Famous Chinese artist spends one year at DU

He is so mild mannered, unassuming and soft spoken, you’d never know Chen Hao is one of China’s premier landscape painters.

Chen, an associate professor and deputy director in the painting department of the Xu Beihong School of Arts at Renmin University in Beijing, is living and working at DU for one year.

He received a scholarship from the China Scholarship Council to come to the U.S. as a visiting scholar. Through connections with Elizabeth Owen, DU assistant professor of Asian art history, he chose to come to Denver.

“The U.S. feels very open, not only in the air, but in the atmosphere,” Chen says. “From my perspective, it makes people happy and better able to contribute to society.”

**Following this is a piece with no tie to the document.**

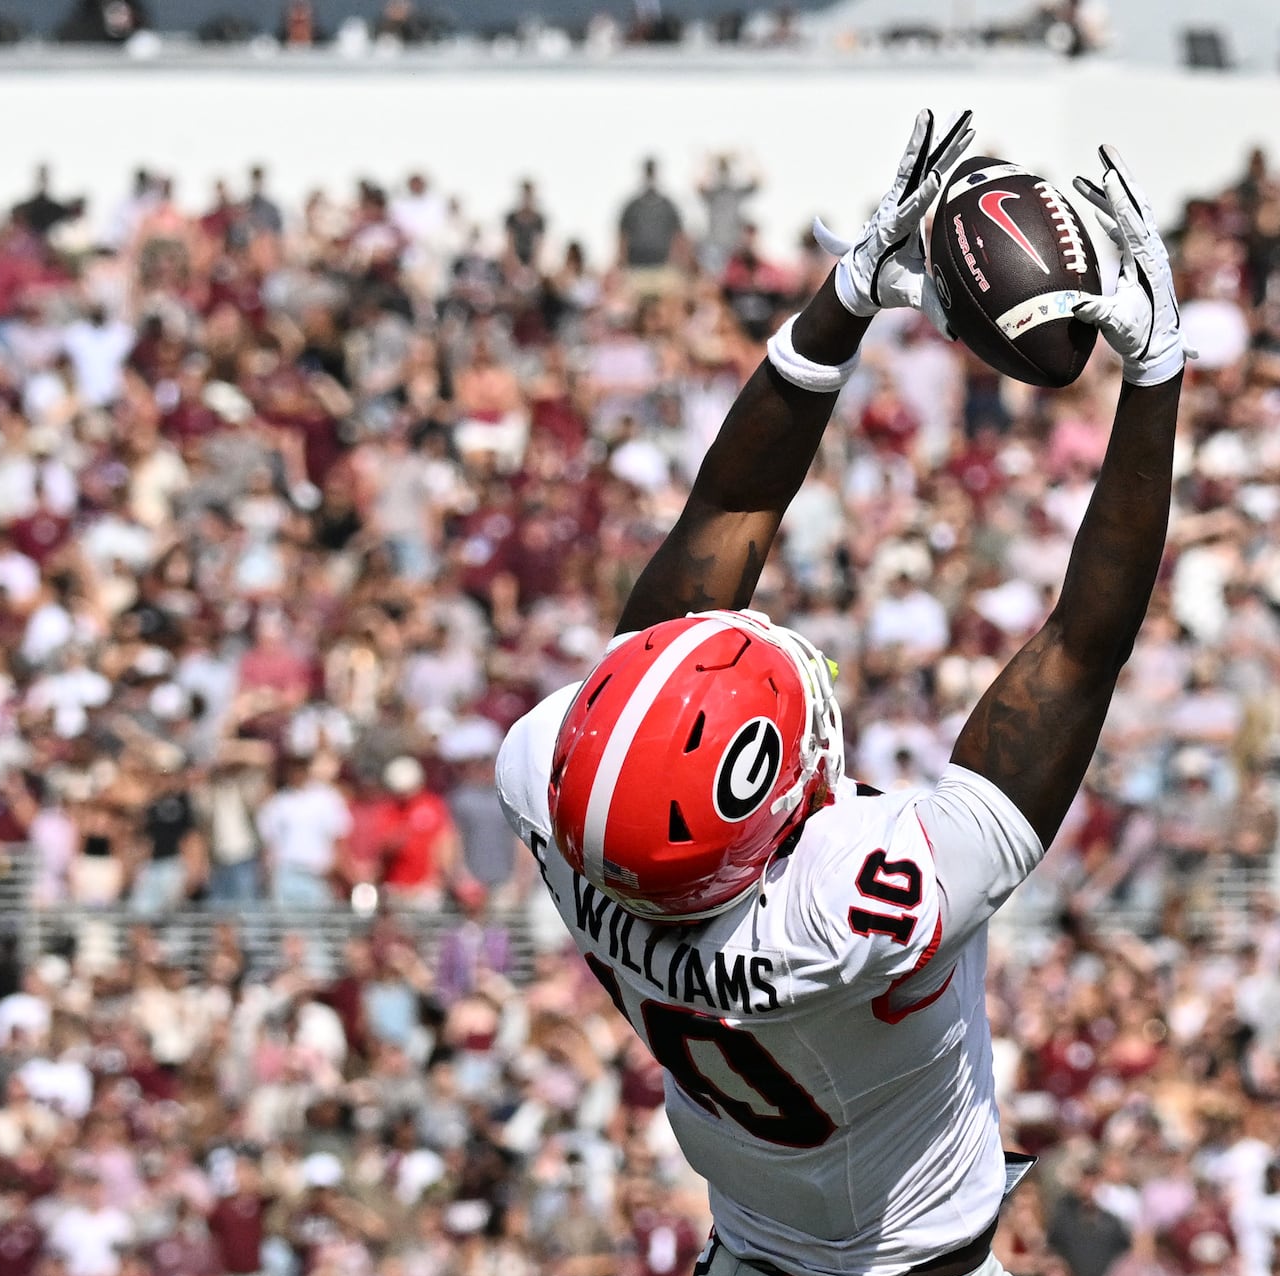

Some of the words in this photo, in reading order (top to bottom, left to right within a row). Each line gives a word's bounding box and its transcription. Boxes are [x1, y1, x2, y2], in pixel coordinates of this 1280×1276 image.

Chen is well known in China. His paintings have already been collected by the China National Museum and foreign dignitaries. And, he designed one of the commemorative postage stamps in honor of the Beijing 2008 Summer Olympics.

He is a contemporary artist who continues traditional forms of Chinese landscape painting.

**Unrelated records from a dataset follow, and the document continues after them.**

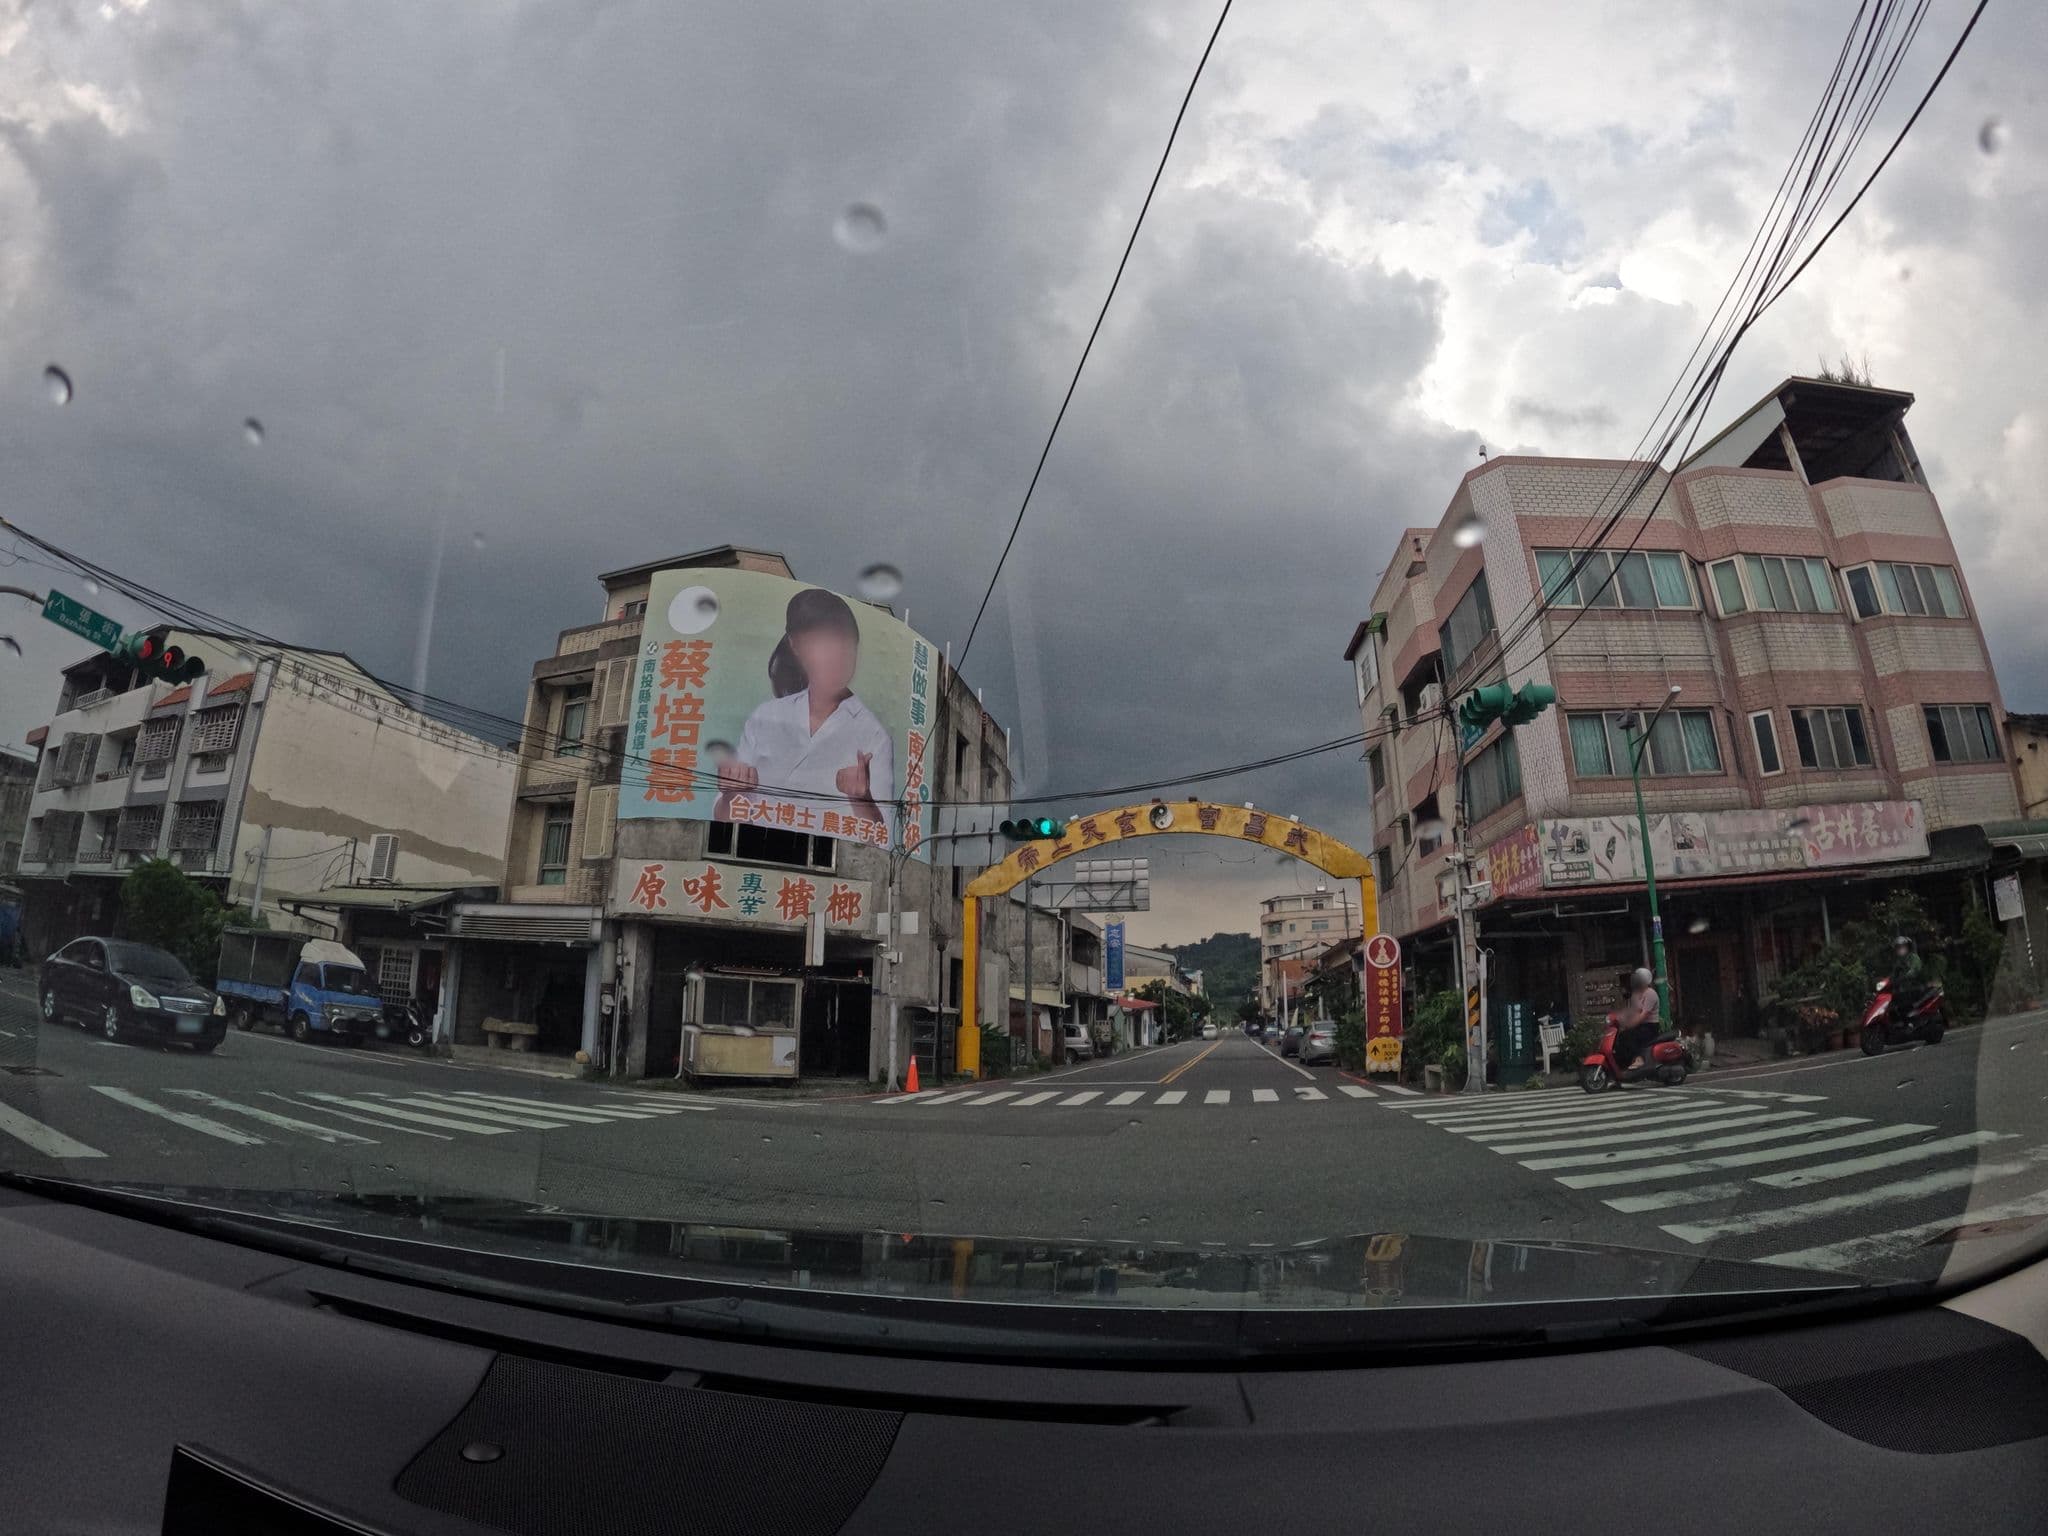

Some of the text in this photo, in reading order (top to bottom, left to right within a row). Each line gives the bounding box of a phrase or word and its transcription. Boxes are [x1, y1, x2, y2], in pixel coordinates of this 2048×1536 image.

[164, 652, 173, 668] 9
[910, 640, 929, 727] 慧做事
[630, 658, 657, 767] 南投縣長候選人
[643, 639, 714, 803] 蔡培慧
[730, 794, 889, 846] 台大博士 農家子弟
[629, 864, 730, 912] 原味
[737, 872, 767, 916] 專業
[775, 877, 862, 925] 檳榔

“I don’t think the DU community is really aware of what a young, famous ‘superstar’ we have in our very midst,” Owen says. “Professor Chen’s scholarly and artistic talents are definitely an asset to our students and faculty.”

During his time at DU, Chen will visit studio classes and courses on Asian art history, and he will give a lecture this fall. In addition, he will demonstrate his technique and exhibit his paintings.

“As a modern painter in traditional styles, Chen uses painting modes, spatial features and other characteristics of the past to re-invigorate and inform the art of the present,” Owen says. “In this, he adds his own modern twist by incorporating modern, urban settings, skyscrapers and other city scenery within his subtle and nuanced landscape images.”

During the few weeks Chen has been at DU, dozens of paintings of the University cover his walls of his room in Centennial Towers. While he often draws a sketch of the initial landscape he wants to paint, he says he mostly records it in his memory.

“You see it and understand it and recall it in your heart,” he says.